8. Литературно-критические статьи, публицистика, речи, письма - Анатоль Франс
Шрифт:
Интервал:
Закладка:
Величие всегда поражает. Величественные бредни, которыми полны письма и разговоры Флобера, поистине необычайны. Братья Гонкуры собрали некоторые его высказывания, которые всегда будут вызывать удивление. Прежде всего надо знать, что представлял собою Флобер. У этого великана, родившегося на севере Франции, были пухлые детские щеки и огромные усищи; у него было тело пирата и всегда наивные голубые глаза. Что же касается его духовной сущности, то она представляла собой причудливое сочетание противоречивых черт. Уже давно было замечено, что человек многолик. Флобер также был многолик; больше того — он был разорван, и составлявшие его части, казалось, постоянно стремились разъединиться. В детстве, в театре Серафен, я видел куклу, которая могла бы послужить символическим изображением внутреннего мира Флобера. То был игрушечный гусар, который танцевал, покуривая трубочку. Вдруг руки его отделялись от туловища и продолжали двигаться в воздухе сами по себе, в то время как гусар продолжал свой танец. Затем и ноги его отлетали в разные стороны, но он этого, видимо, не замечал; туловище плясуна тоже распадалось на две части, а голова исчезала в каракулевой шапке, откуда градом сыпались лягушки. Эта фигурка великолепно воспроизводит мужественную дисгармонию, которая характерна для мышления и нравственного облика Флобера; вот почему, увидев писателя в его небольшой гостиной на улице Мурильо, когда он в костюме корсара яростно жестикулировал и вопил во все горло, я невольно вспомнил гусара из театра Серафен. Сознаюсь, это было дурно. Я не проявил должного уважения к мэтру. Однако глубокое и безоговорочное восхищение, которое рождало во мне его творчество, от этого не уменьшилось. С тех пор оно еще больше возросло, и неувядаемая красота, которая освещает все страницы «Госпожи Бовари», с каждым днем все больше чарует меня. И все же в человеке, который с такой уверенностью, с таким непогрешимым мастерством написал такую книгу, — в человеке этом таилась бездна неуверенности и заблуждений.
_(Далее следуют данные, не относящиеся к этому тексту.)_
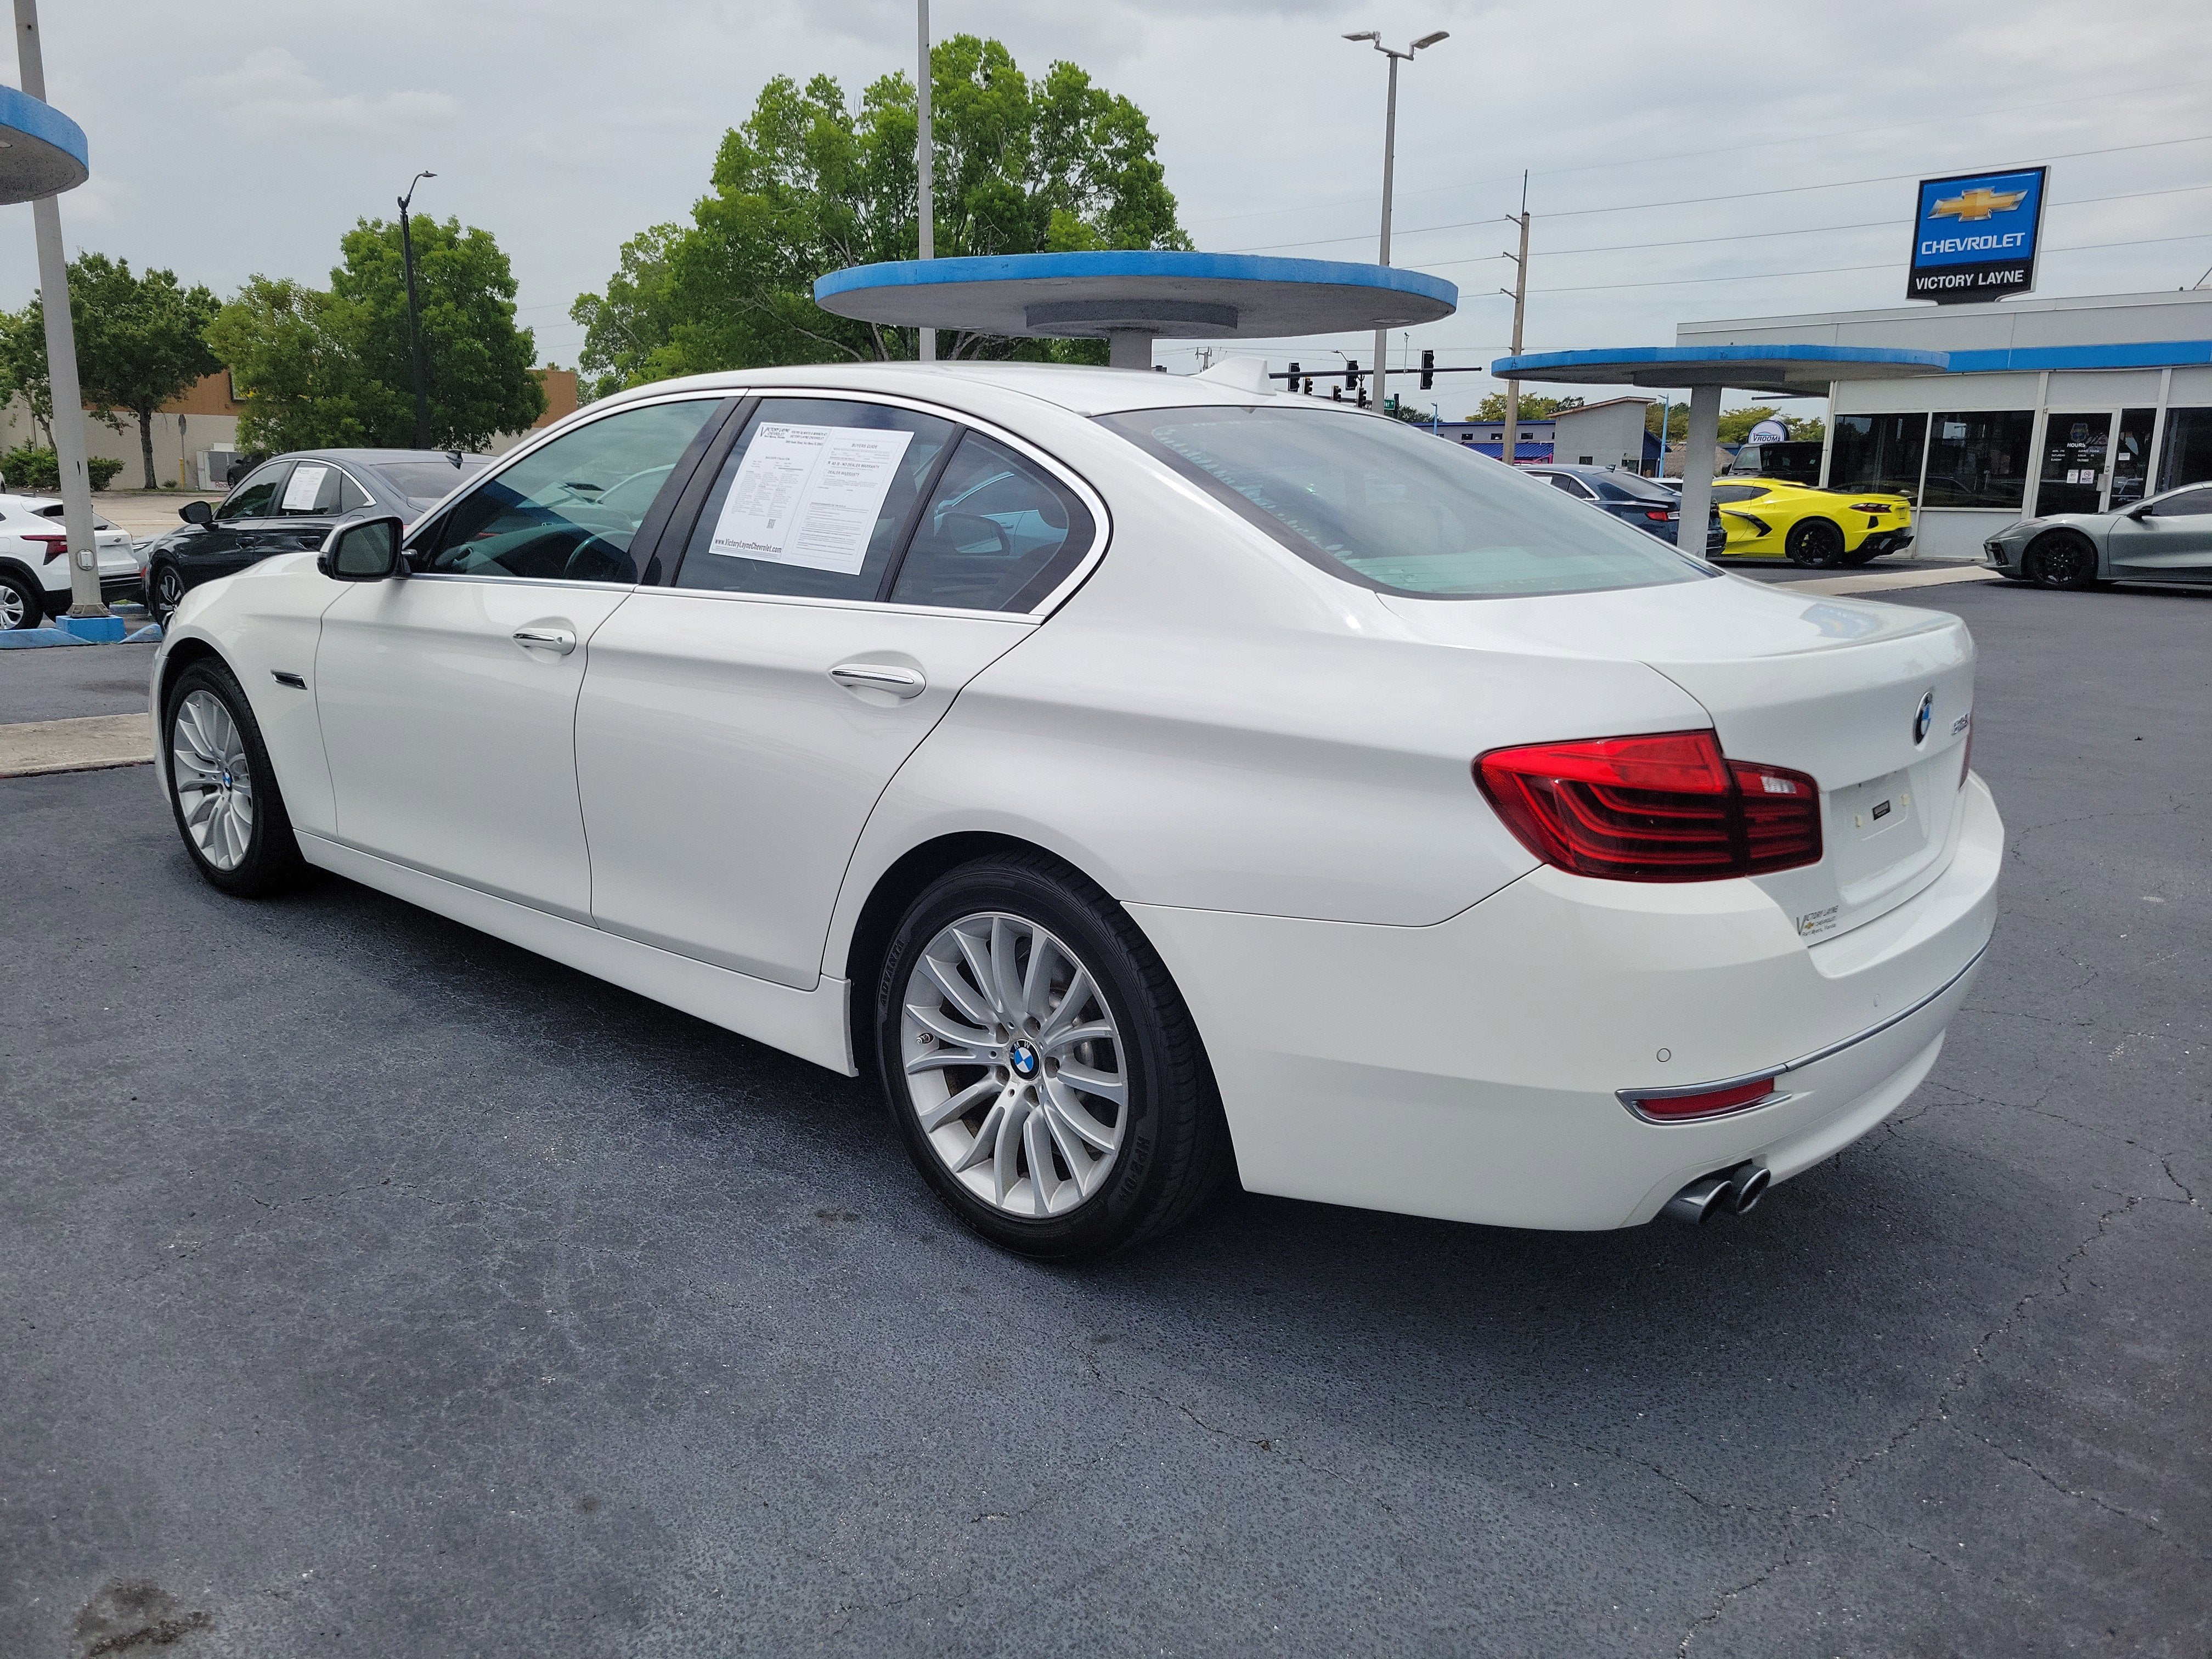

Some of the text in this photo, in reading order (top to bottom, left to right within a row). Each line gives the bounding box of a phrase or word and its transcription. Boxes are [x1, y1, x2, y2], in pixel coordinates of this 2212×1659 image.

[1921, 232, 2025, 255] CHEVROLET
[1916, 269, 2024, 290] VICTORY LAYNE
[715, 538, 782, 554] www.VictoryLayneChevrolet.com
[1010, 1041, 1031, 1059] BMW
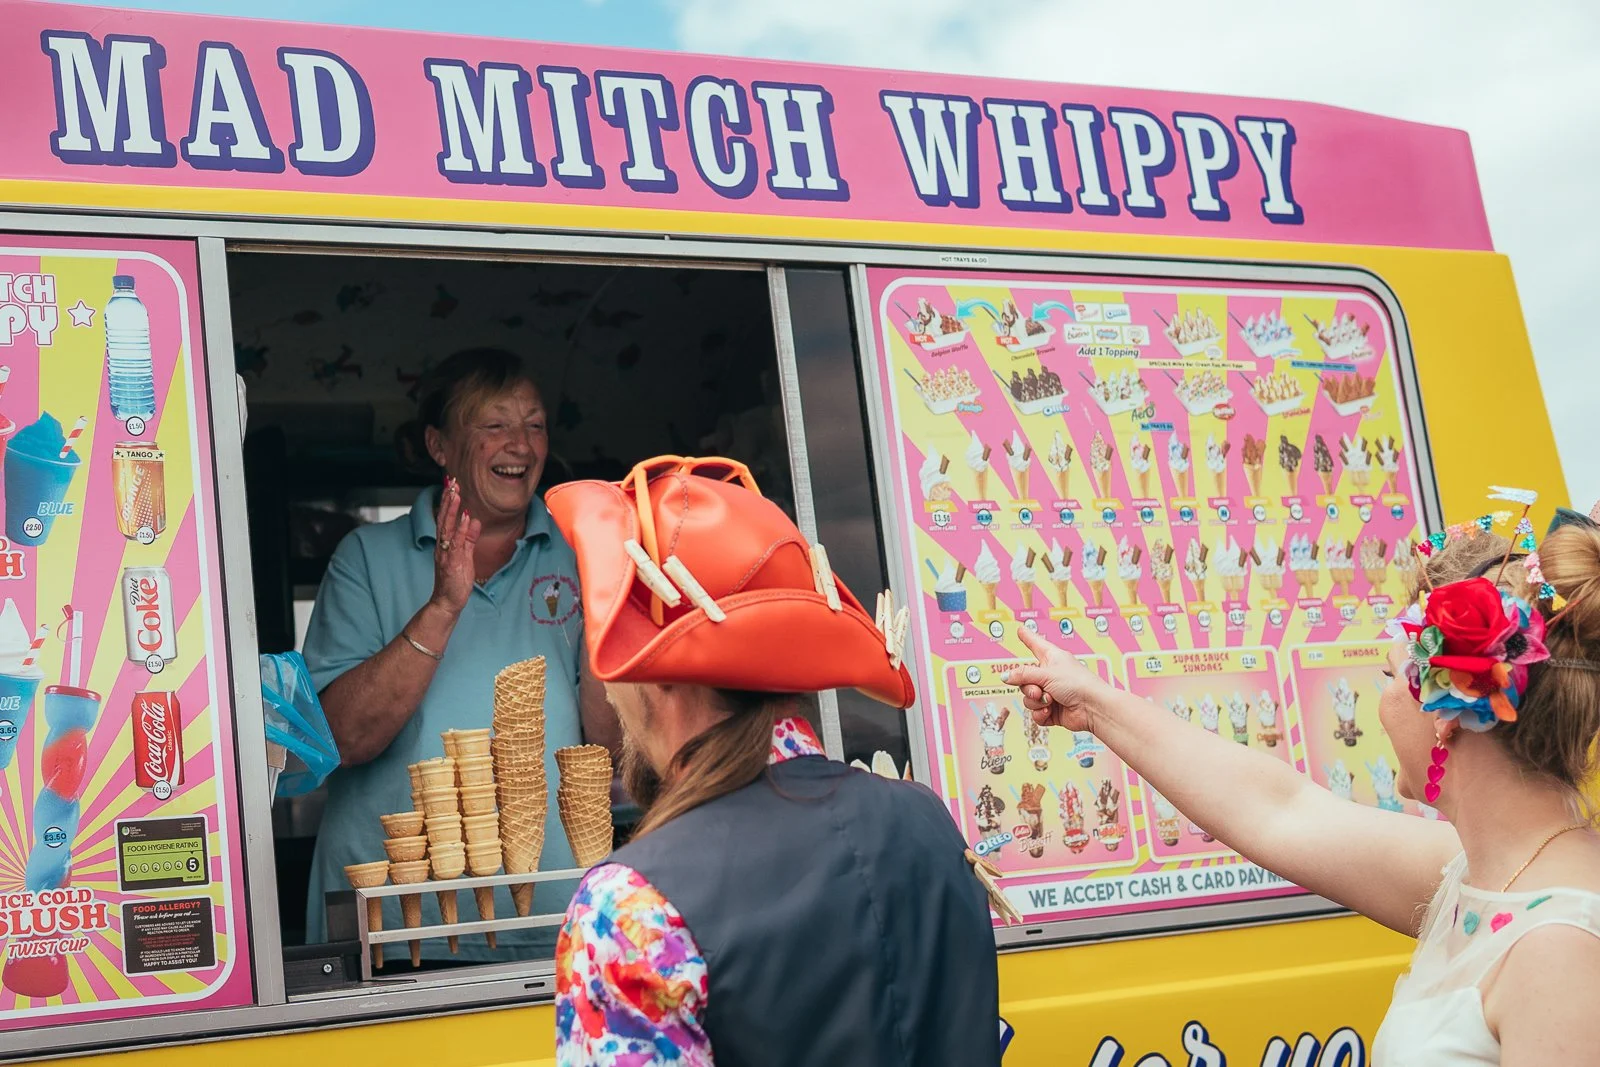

Вот мысль, способная уязвить нас, кичащихся своей жалкой мудростью: человек этот, владевший тайнами словотворчества, не был умен! Слушая, как он излагает трубным голосом свои нелепые афоризмы и свои туманные теории, которые любая из написанных им строк яростно опровергала, вы в недоумении говорили себе: «Так вот он, вот он — козел отпущения романтических бредней, жертвенное животное, с помощью которого гении искупают все свои грехи».
Таков был Флобер. Но это был, кроме того, богатырь с мощной мускулатурой, походивший на святого Христофора, который, вырвав с корнем дуб и тяжко опираясь на него, перенес литературу на своей могучей спине с берега романтизма на берег натурализма, даже не подозревая, что он совершает, от чего отталкивается и куда приходит.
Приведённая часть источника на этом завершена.